- [Work instructions]: Write out each line exactly, starting with the one containing "this 2048×1143 image." and stopping after the last line of the listing below.

- [Input material]:
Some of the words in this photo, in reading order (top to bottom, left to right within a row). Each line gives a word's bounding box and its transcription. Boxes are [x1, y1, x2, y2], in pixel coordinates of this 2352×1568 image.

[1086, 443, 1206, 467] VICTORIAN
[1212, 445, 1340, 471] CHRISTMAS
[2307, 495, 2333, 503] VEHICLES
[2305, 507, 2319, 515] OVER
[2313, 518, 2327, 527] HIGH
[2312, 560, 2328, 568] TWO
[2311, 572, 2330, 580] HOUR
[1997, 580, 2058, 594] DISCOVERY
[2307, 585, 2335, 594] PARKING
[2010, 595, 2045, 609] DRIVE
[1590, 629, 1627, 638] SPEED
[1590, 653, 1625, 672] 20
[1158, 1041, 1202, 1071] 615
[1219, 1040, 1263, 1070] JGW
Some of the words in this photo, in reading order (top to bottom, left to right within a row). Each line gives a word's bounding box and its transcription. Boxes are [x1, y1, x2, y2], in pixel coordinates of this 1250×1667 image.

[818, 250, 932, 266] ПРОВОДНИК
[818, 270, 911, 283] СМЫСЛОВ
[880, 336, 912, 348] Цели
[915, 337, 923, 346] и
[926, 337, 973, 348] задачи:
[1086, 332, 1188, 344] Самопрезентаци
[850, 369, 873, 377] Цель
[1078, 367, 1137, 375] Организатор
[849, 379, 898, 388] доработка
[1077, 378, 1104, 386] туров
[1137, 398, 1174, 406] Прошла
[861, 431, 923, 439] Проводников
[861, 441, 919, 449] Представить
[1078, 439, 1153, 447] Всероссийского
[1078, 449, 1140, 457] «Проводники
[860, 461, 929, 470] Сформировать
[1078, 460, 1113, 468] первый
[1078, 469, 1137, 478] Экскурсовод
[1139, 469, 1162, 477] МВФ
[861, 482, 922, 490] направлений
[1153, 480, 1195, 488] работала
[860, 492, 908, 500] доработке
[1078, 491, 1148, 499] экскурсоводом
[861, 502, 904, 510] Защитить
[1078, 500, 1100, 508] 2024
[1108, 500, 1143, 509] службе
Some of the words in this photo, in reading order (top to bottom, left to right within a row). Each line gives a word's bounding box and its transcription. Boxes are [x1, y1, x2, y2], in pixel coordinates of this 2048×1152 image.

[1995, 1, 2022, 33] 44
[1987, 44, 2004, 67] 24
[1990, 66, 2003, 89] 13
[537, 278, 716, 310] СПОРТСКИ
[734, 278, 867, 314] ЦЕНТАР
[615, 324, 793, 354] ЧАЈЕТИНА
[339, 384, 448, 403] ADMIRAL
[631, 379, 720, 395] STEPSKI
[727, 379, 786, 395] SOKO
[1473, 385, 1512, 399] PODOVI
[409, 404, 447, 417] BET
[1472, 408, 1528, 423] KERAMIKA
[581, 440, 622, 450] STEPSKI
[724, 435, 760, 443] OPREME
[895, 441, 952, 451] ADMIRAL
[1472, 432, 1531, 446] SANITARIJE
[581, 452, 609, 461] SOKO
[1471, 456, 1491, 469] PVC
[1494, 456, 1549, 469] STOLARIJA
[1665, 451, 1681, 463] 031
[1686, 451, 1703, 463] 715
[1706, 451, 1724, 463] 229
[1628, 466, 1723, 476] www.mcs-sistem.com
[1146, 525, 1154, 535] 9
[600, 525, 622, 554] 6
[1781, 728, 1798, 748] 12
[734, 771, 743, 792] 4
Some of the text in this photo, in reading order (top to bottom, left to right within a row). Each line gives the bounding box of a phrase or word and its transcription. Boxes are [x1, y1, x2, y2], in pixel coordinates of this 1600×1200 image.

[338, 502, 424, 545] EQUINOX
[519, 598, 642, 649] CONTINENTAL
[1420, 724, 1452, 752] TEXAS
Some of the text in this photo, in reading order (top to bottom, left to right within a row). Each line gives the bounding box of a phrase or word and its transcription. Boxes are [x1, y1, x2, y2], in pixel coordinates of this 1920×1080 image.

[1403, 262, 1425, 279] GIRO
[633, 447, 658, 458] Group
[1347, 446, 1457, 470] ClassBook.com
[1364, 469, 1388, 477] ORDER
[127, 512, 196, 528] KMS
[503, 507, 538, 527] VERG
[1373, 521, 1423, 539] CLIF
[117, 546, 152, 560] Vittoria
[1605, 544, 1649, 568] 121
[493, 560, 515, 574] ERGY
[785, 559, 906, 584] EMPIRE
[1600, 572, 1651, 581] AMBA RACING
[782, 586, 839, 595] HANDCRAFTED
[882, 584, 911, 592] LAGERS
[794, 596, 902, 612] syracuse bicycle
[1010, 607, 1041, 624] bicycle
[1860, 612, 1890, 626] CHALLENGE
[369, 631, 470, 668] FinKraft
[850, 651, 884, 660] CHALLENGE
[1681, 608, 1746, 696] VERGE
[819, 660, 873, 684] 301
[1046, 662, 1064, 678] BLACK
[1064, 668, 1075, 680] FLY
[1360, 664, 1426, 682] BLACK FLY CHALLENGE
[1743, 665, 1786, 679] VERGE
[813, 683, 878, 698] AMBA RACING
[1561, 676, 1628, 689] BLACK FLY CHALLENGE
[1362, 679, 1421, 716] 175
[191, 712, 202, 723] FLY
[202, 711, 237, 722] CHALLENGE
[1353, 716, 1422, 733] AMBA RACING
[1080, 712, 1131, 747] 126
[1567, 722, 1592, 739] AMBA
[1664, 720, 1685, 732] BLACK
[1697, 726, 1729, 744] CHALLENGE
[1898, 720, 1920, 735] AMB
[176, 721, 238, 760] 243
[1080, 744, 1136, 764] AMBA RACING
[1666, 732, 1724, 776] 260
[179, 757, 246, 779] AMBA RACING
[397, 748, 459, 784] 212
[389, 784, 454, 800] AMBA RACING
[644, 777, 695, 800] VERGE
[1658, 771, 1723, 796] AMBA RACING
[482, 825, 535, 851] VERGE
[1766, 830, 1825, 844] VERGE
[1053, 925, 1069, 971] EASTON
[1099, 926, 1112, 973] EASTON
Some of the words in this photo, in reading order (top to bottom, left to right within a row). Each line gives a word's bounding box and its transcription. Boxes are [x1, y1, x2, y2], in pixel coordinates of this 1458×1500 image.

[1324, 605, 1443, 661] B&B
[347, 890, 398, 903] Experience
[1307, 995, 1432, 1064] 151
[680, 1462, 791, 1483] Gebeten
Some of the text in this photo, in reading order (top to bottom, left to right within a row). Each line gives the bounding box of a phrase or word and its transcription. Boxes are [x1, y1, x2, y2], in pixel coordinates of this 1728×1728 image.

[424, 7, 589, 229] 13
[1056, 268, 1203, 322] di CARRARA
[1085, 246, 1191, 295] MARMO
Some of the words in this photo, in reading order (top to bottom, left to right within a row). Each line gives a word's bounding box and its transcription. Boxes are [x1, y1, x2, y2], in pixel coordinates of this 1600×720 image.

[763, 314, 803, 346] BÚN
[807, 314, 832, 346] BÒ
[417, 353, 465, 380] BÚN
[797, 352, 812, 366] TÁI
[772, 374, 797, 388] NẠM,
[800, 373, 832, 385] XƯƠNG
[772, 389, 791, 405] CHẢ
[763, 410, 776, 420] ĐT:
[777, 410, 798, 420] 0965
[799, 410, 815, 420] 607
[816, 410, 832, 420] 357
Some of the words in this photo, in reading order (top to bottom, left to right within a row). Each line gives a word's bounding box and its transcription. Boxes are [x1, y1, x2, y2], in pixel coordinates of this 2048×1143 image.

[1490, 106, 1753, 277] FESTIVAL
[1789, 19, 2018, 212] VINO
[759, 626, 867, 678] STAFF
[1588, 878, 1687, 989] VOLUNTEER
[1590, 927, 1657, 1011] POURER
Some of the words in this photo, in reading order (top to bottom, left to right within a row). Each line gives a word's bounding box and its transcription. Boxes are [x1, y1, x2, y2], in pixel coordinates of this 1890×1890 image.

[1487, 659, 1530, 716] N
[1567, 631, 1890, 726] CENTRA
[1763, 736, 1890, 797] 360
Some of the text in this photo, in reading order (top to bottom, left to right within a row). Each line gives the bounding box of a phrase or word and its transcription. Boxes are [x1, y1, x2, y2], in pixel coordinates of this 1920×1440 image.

- [Answer space]:
Some of the words in this photo, in reading order (top to bottom, left to right within a row). Each line gives a word's bounding box and its transcription. Boxes are [x1, y1, x2, y2], in pixel coordinates of this 2048×1143 image.

[1490, 106, 1753, 277] FESTIVAL
[1789, 19, 2018, 212] VINO
[759, 626, 867, 678] STAFF
[1588, 878, 1687, 989] VOLUNTEER
[1590, 927, 1657, 1011] POURER
Some of the words in this photo, in reading order (top to bottom, left to right within a row). Each line gives a word's bounding box and its transcription. Boxes are [x1, y1, x2, y2], in pixel coordinates of this 1890×1890 image.

[1487, 659, 1530, 716] N
[1567, 631, 1890, 726] CENTRA
[1763, 736, 1890, 797] 360
Some of the text in this photo, in reading order (top to bottom, left to right within a row). Each line gives the bounding box of a phrase or word and its transcription. Boxes are [x1, y1, x2, y2], in pixel coordinates of this 1920×1440 image.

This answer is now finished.